**ASSIGNMENT**
Copy the data that follows exactly, and include none of its images.

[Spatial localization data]

——

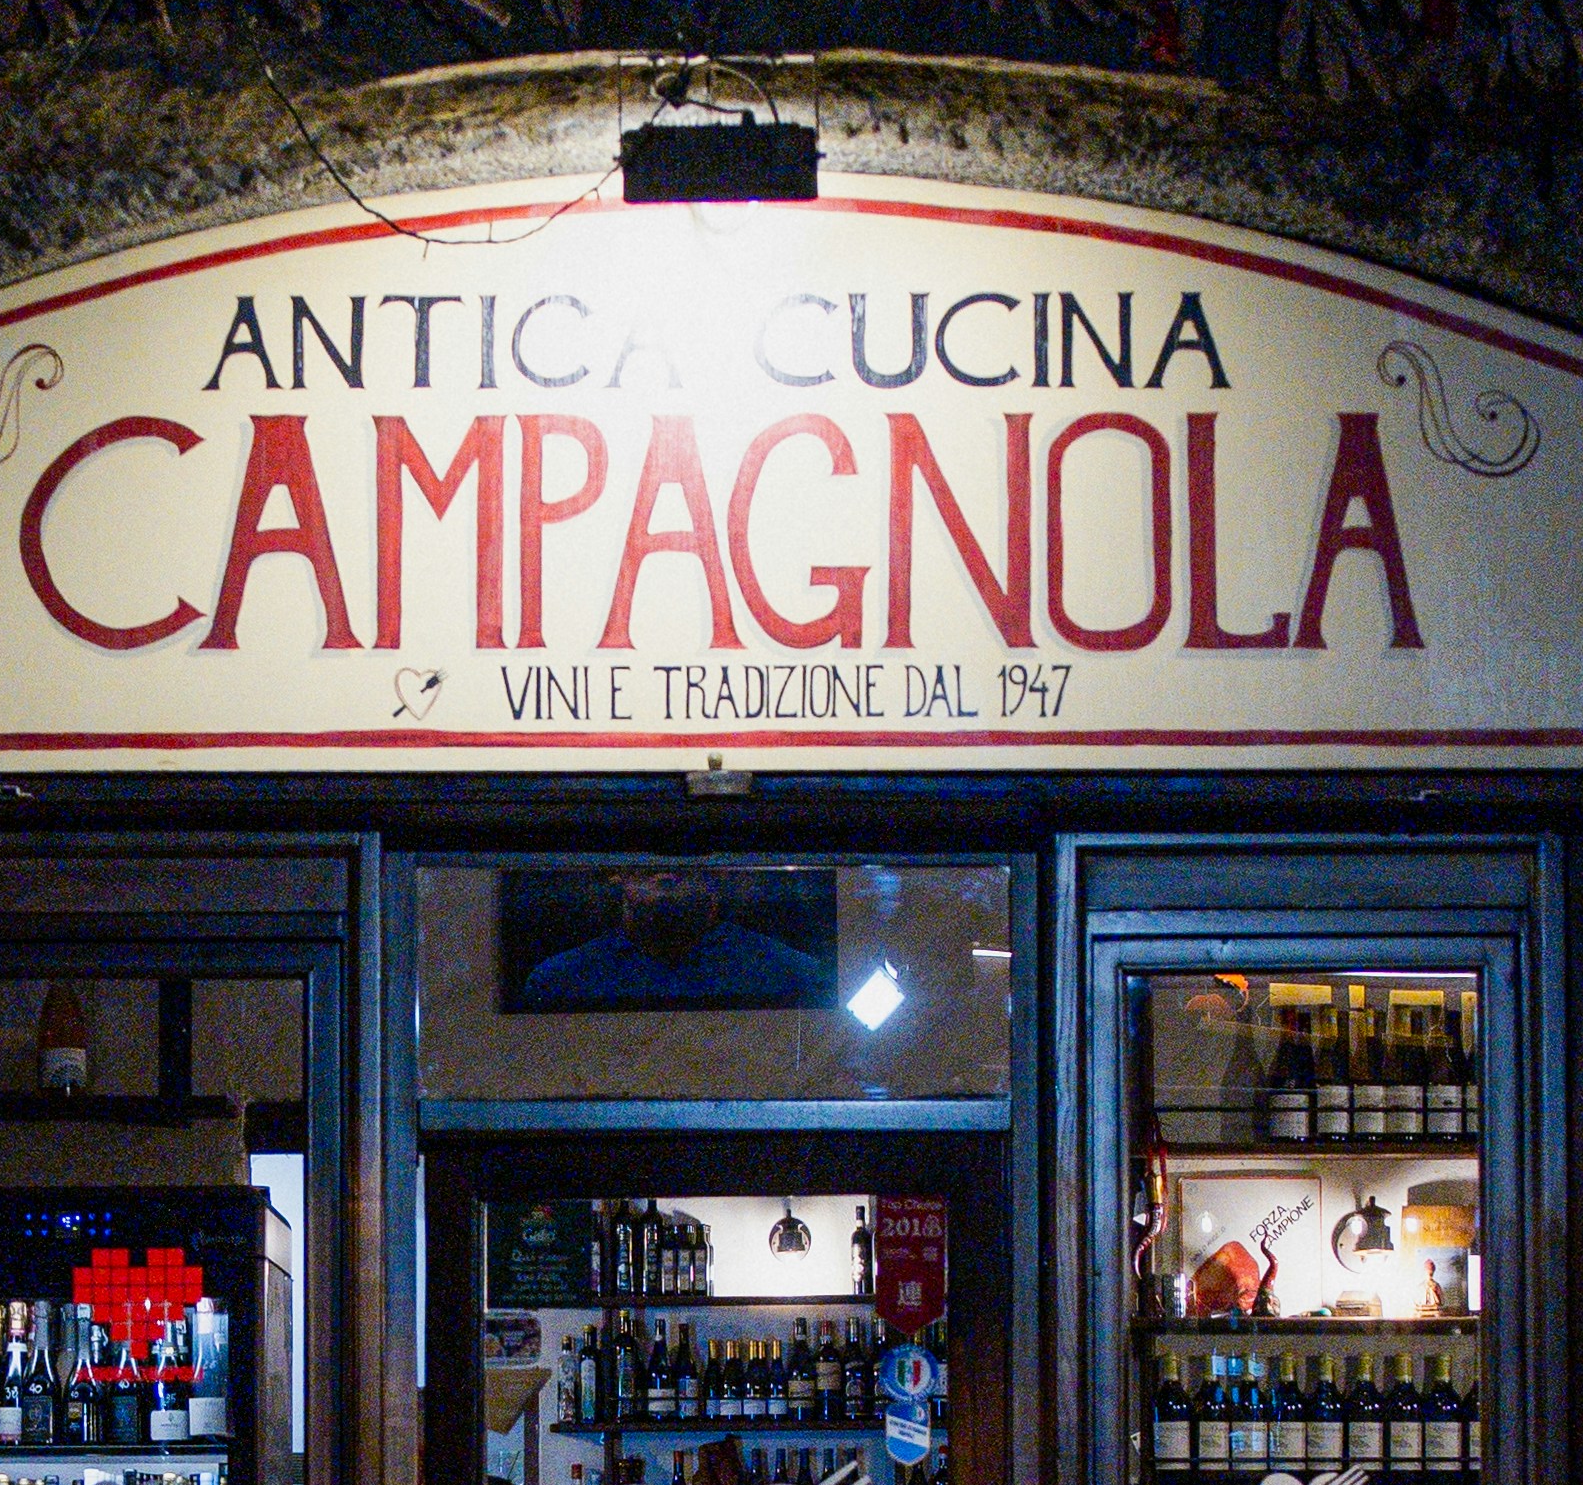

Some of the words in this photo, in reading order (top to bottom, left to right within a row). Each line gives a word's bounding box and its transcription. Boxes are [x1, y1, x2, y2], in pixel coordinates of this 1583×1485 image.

[201, 295, 684, 391] ANTICA
[753, 290, 1232, 390] CUCINA
[19, 412, 1428, 653] CAMPAGNOLA
[501, 664, 589, 720] VINI
[610, 665, 633, 720] E
[653, 664, 888, 720] TRADIZIONE
[901, 664, 979, 718] DAL
[995, 663, 1074, 718] 1947
[1266, 1194, 1316, 1249] AMPIONE
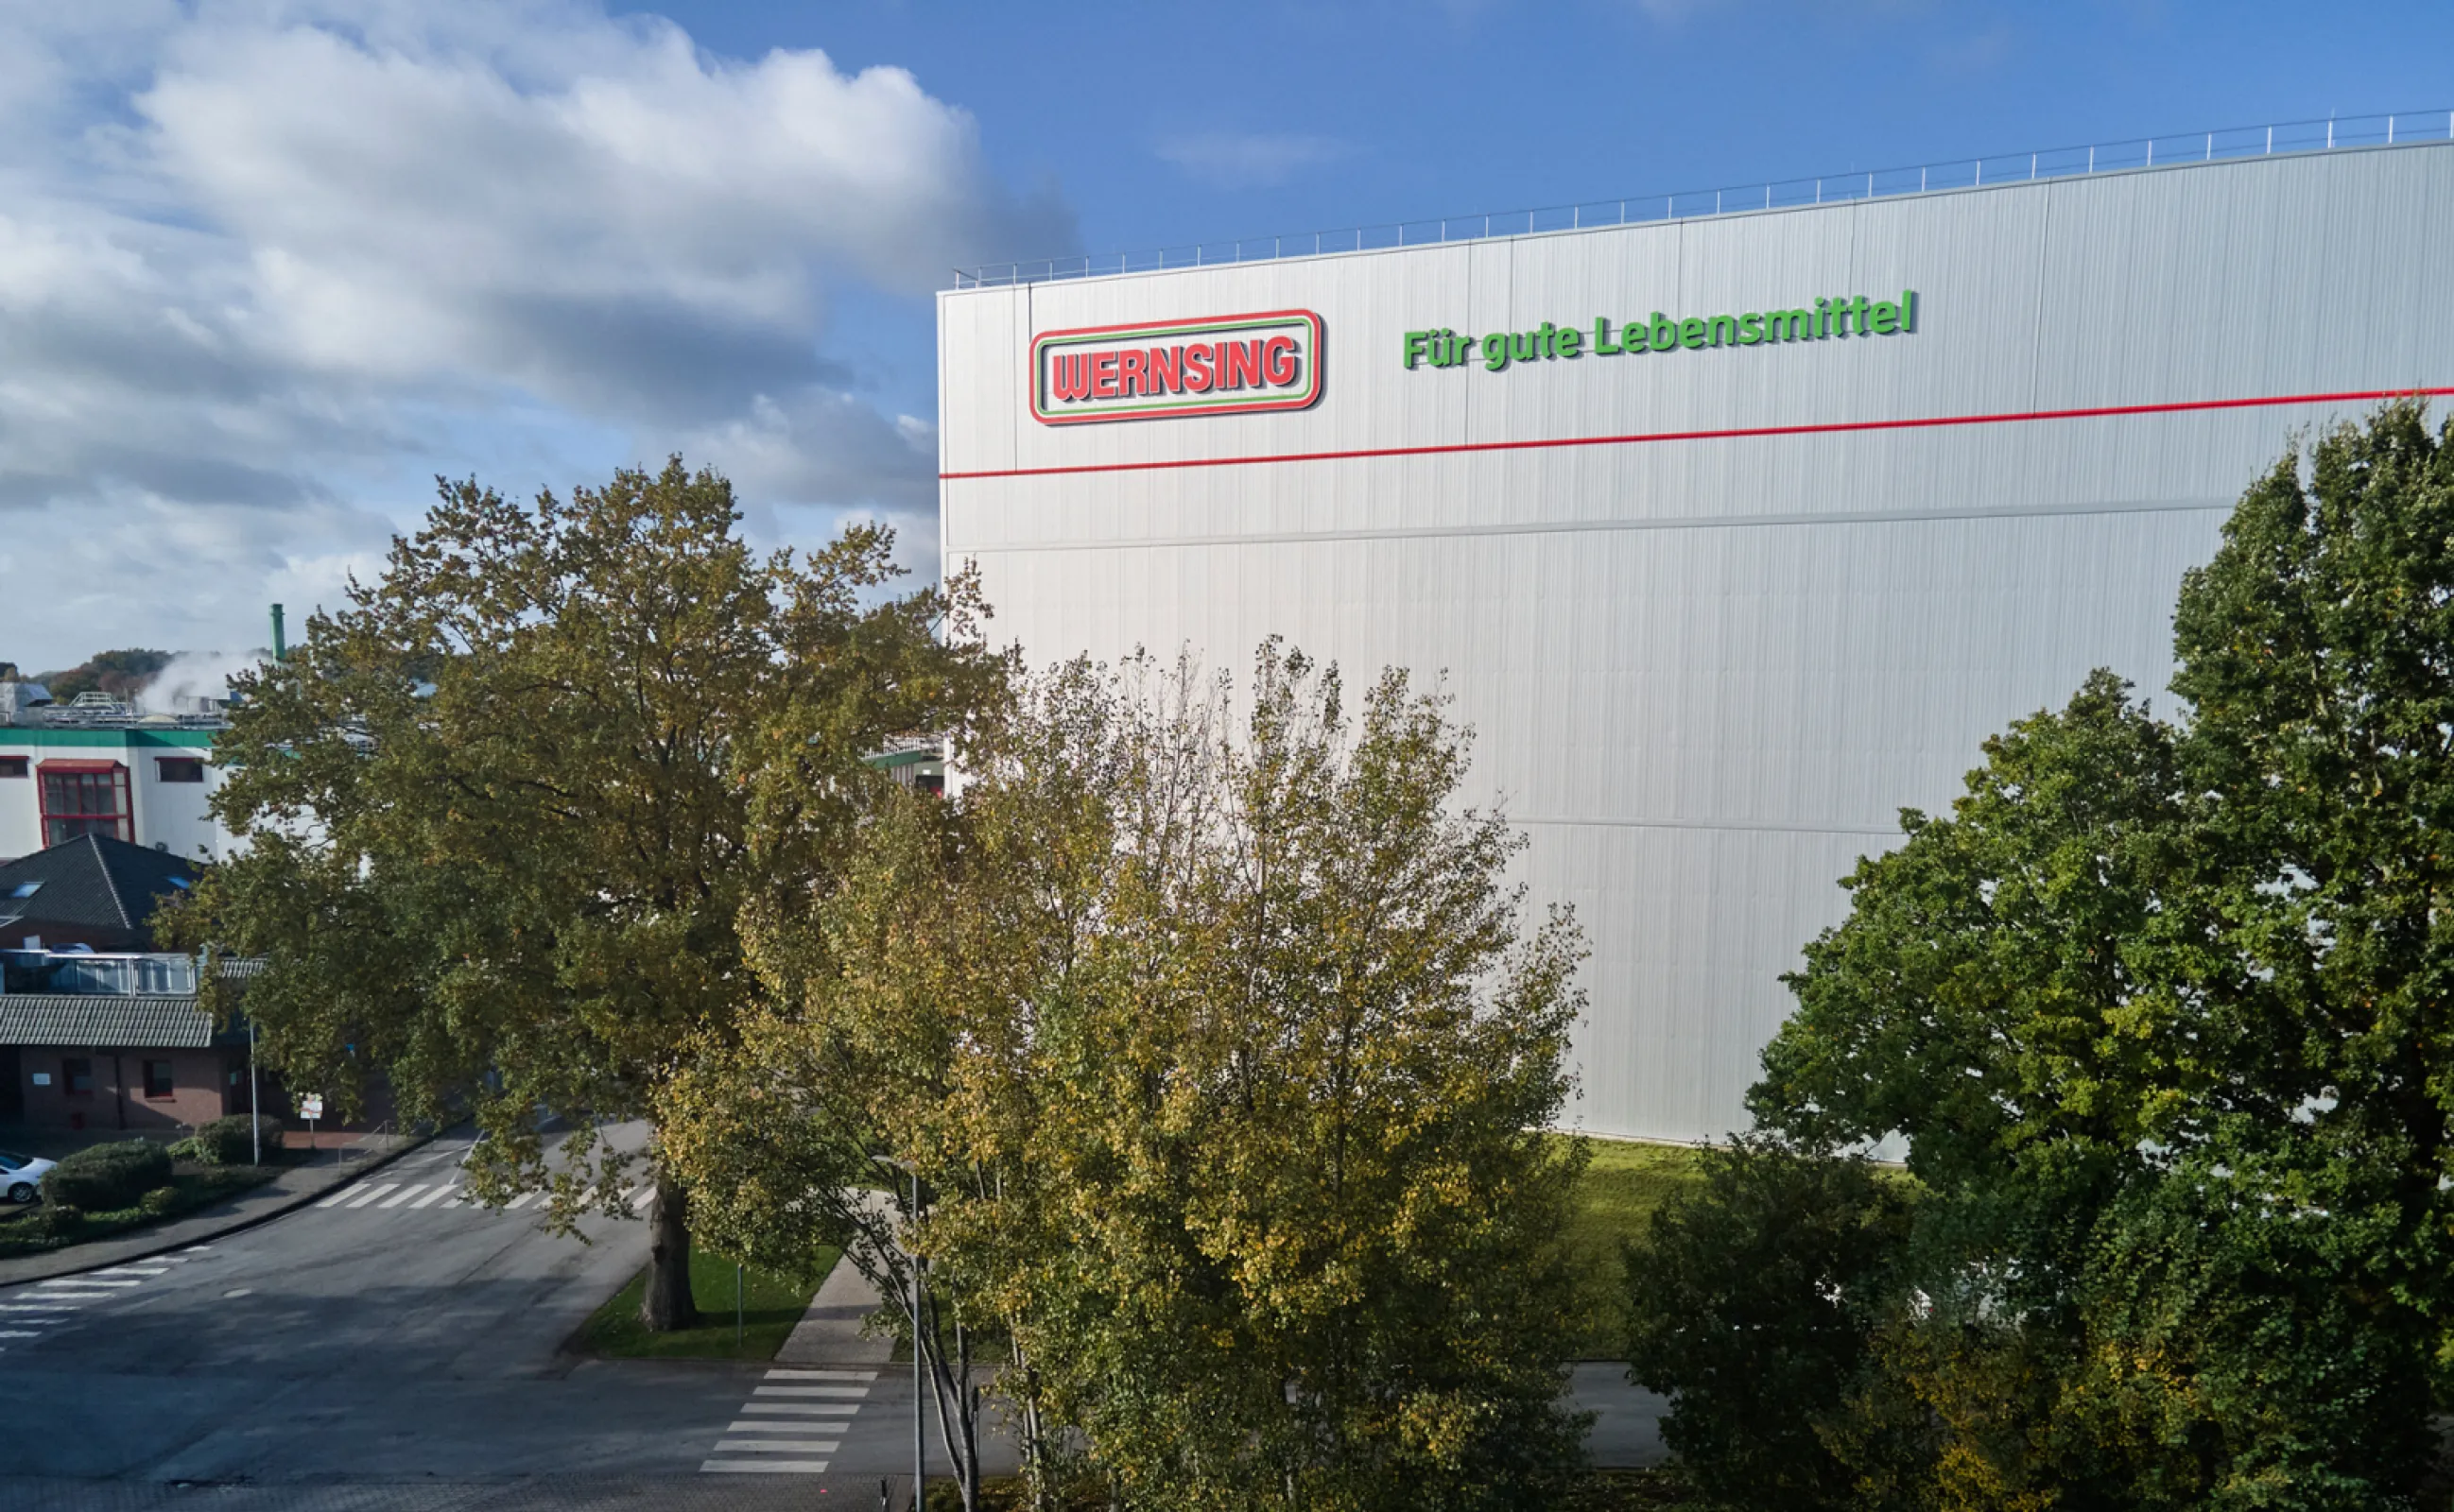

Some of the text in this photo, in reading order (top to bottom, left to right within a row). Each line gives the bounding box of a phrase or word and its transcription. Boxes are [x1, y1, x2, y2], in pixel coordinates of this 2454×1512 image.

[1404, 289, 1913, 370] Für gute Lebensmittel
[1053, 335, 1295, 401] WERNSING

——

**RESULT**
Some of the words in this photo, in reading order (top to bottom, left to right within a row). Each line gives a word's bounding box and its transcription. Boxes are [x1, y1, x2, y2], in pixel coordinates of this 1583×1485 image.

[201, 295, 684, 391] ANTICA
[753, 290, 1232, 390] CUCINA
[19, 412, 1428, 653] CAMPAGNOLA
[501, 664, 589, 720] VINI
[610, 665, 633, 720] E
[653, 664, 888, 720] TRADIZIONE
[901, 664, 979, 718] DAL
[995, 663, 1074, 718] 1947
[1266, 1194, 1316, 1249] AMPIONE

Some of the text in this photo, in reading order (top to bottom, left to right within a row). Each line gives the bounding box of a phrase or word and its transcription. Boxes are [x1, y1, x2, y2], in pixel coordinates of this 2454×1512 image.

[1404, 289, 1913, 370] Für gute Lebensmittel
[1053, 335, 1295, 401] WERNSING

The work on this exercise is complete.